▶ _Exercise instructions_: Only the lines from the one containing "this 1576×1500 image." to the end of the records should be given again, word for word and in full.

▶ _Provided data_:
╭──

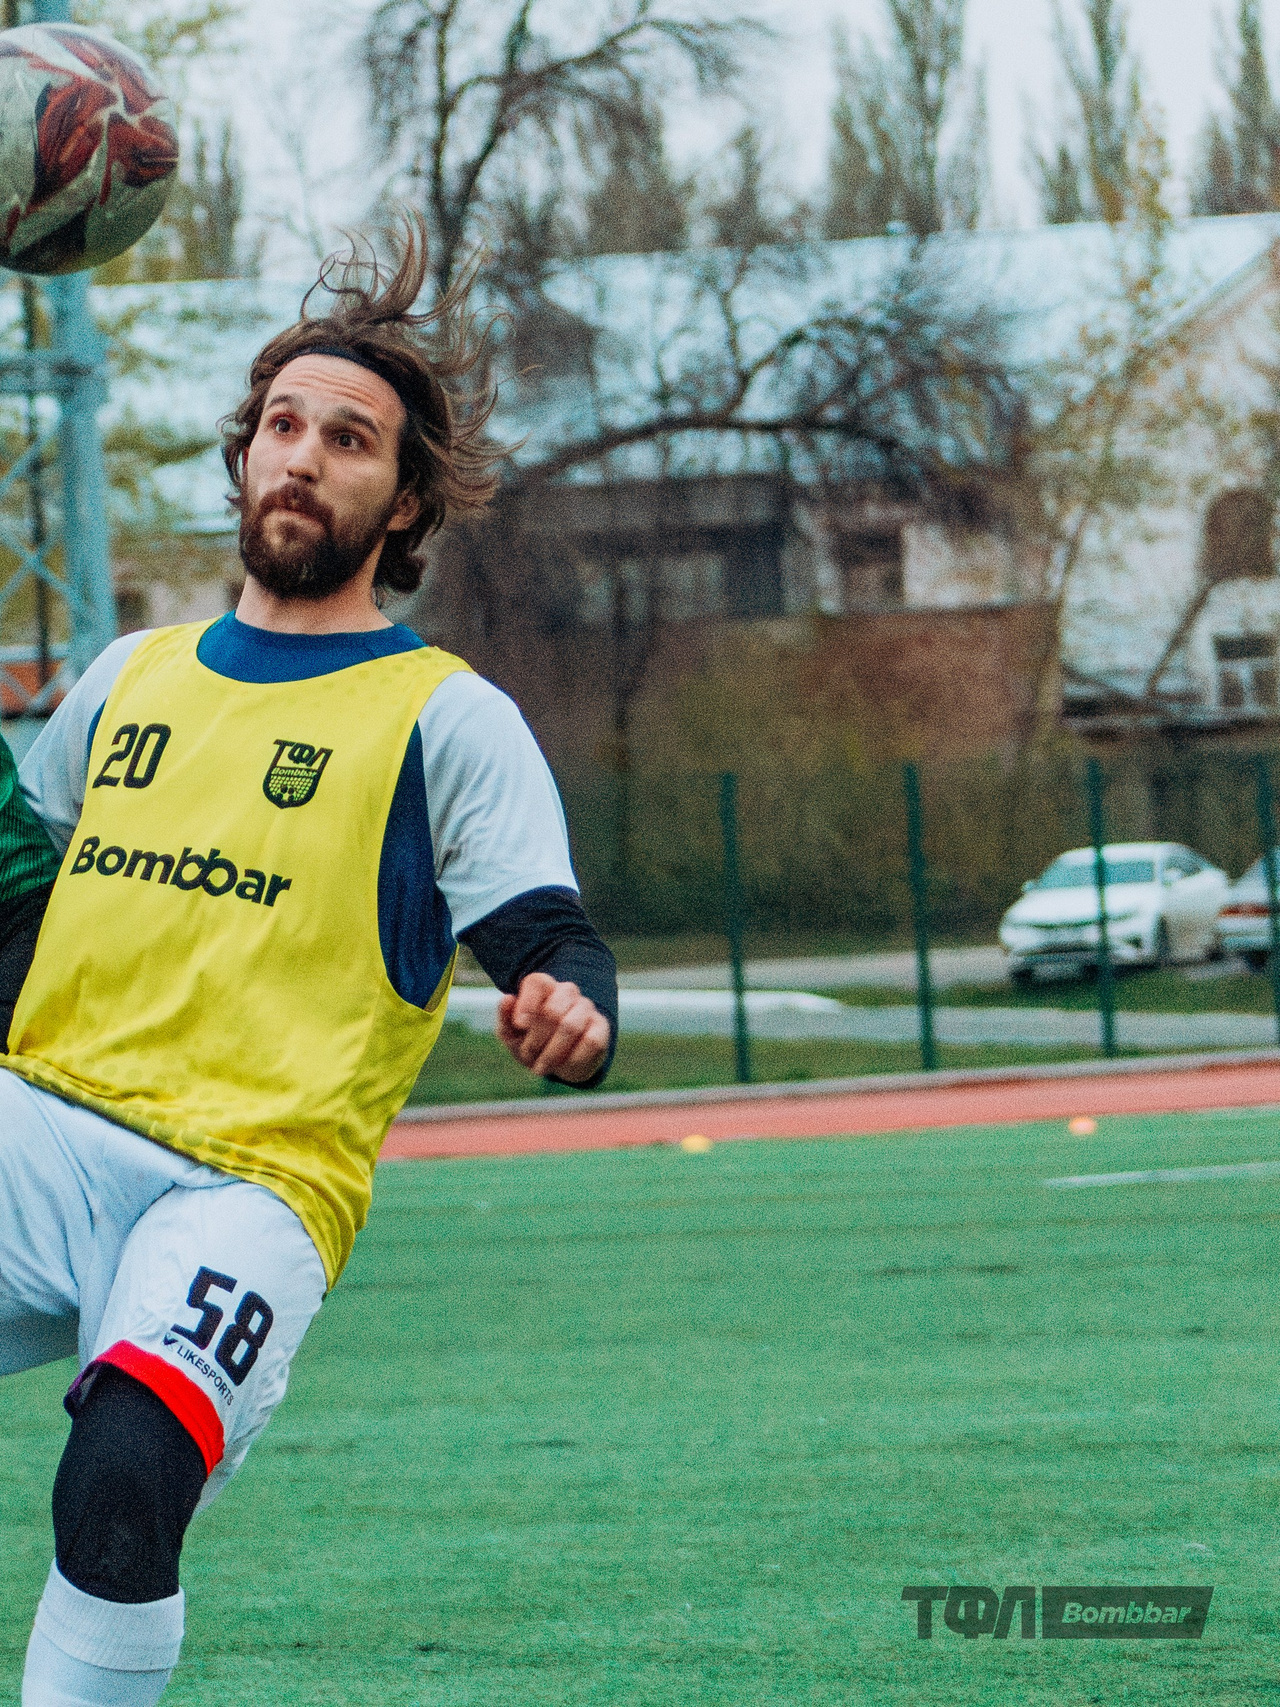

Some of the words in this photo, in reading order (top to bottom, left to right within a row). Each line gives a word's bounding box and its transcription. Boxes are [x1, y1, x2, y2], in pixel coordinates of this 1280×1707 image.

[92, 723, 172, 789] 20
[70, 835, 293, 907] Bombbar
[170, 1265, 274, 1387] 58
[176, 1345, 235, 1406] LIKESPORTS
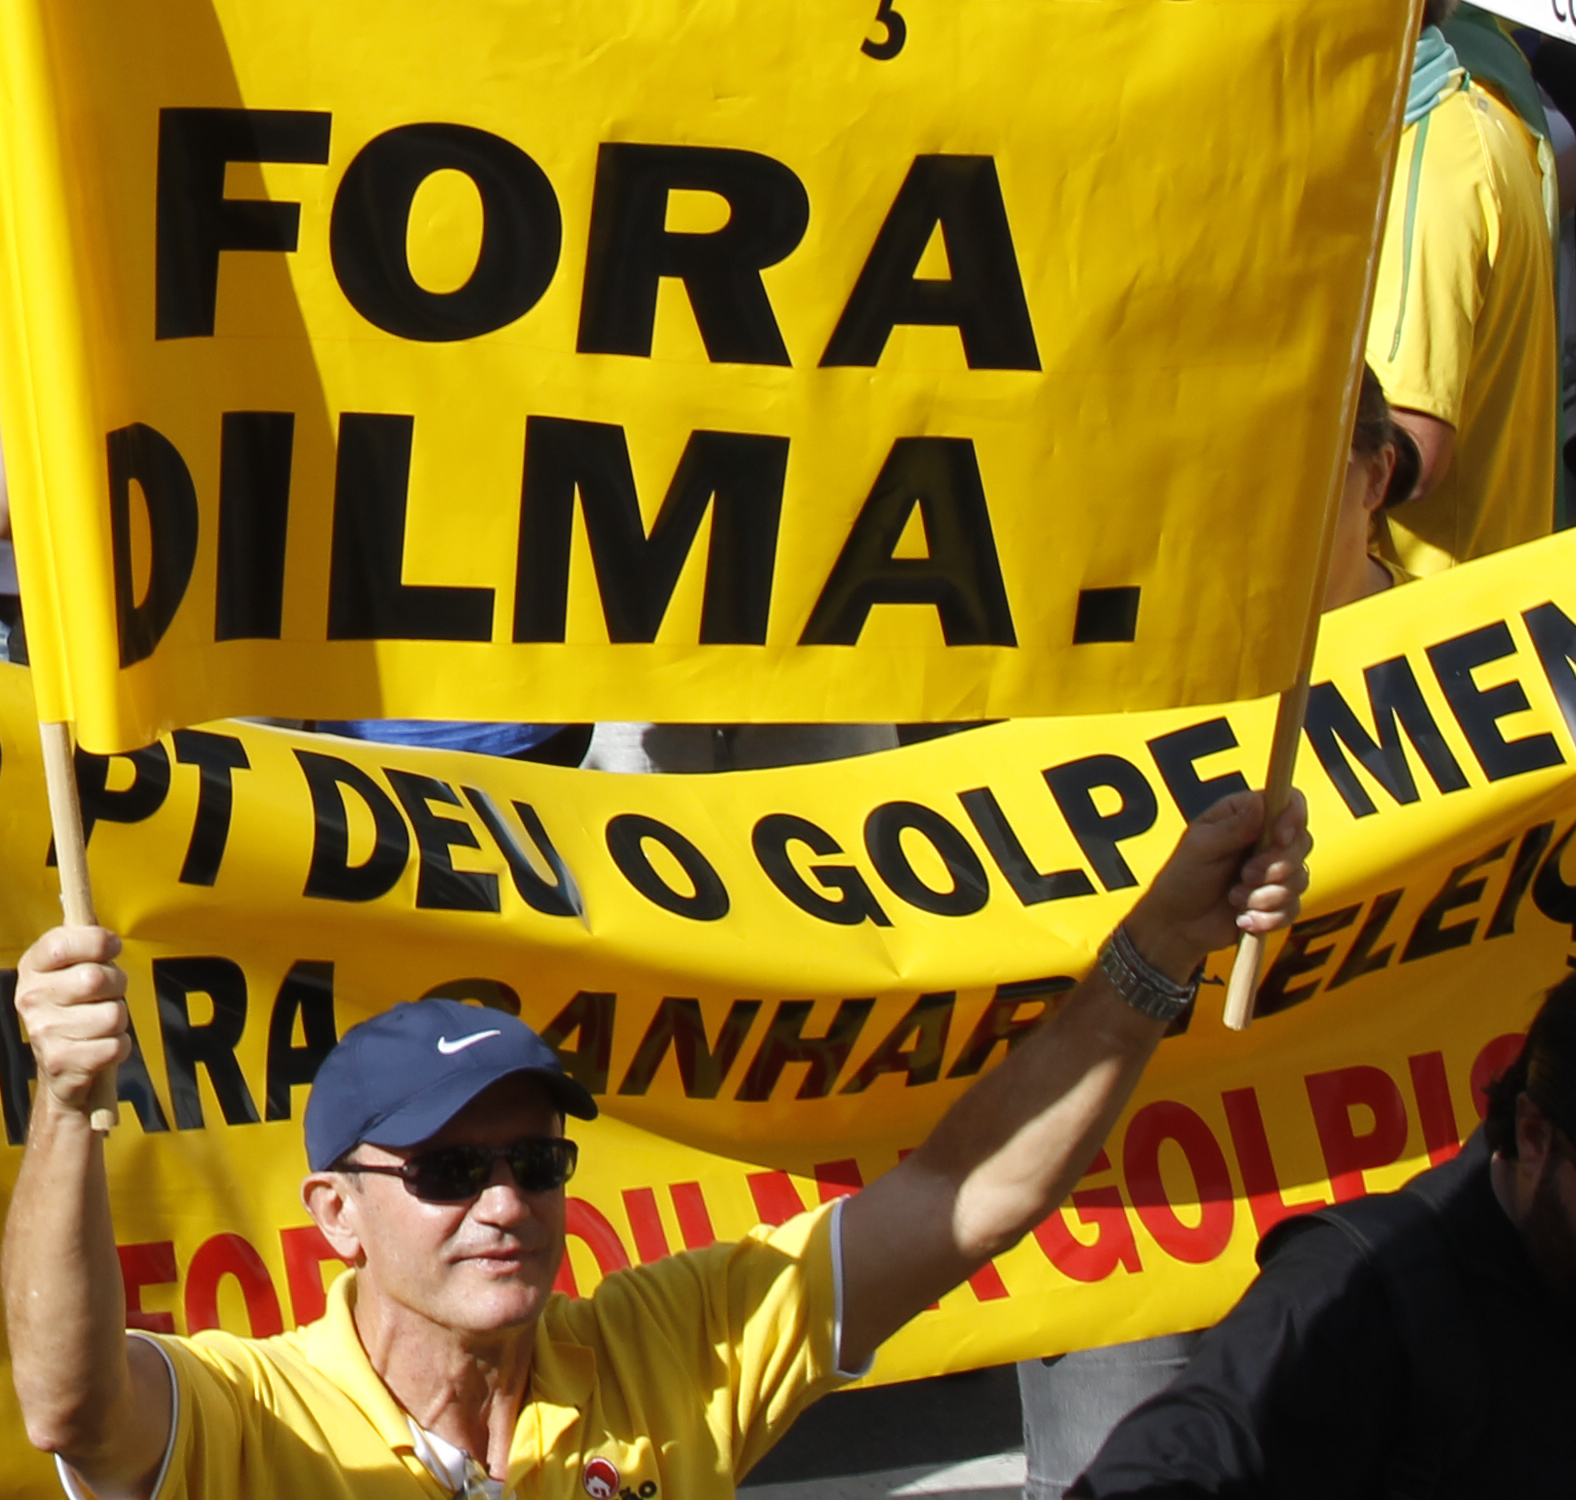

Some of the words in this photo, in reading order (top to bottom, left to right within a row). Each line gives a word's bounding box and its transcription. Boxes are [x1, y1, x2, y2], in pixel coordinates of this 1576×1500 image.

[156, 106, 1043, 374] FORA
[105, 409, 1141, 670] DILMA.
[46, 728, 252, 887] PT
[291, 747, 594, 922] DEU
[605, 812, 730, 923] O
[750, 716, 1256, 928] GOLPE

╰──

▶ _The answer_:
Some of the words in this photo, in reading order (top to bottom, left to right within a row). Each line gives a word's bounding box and its transcription. Boxes are [x1, y1, x2, y2], in pixel coordinates of this 1576×1500 image.

[156, 106, 1043, 374] FORA
[105, 409, 1141, 670] DILMA.
[46, 728, 252, 887] PT
[291, 747, 594, 922] DEU
[605, 812, 730, 923] O
[750, 716, 1256, 928] GOLPE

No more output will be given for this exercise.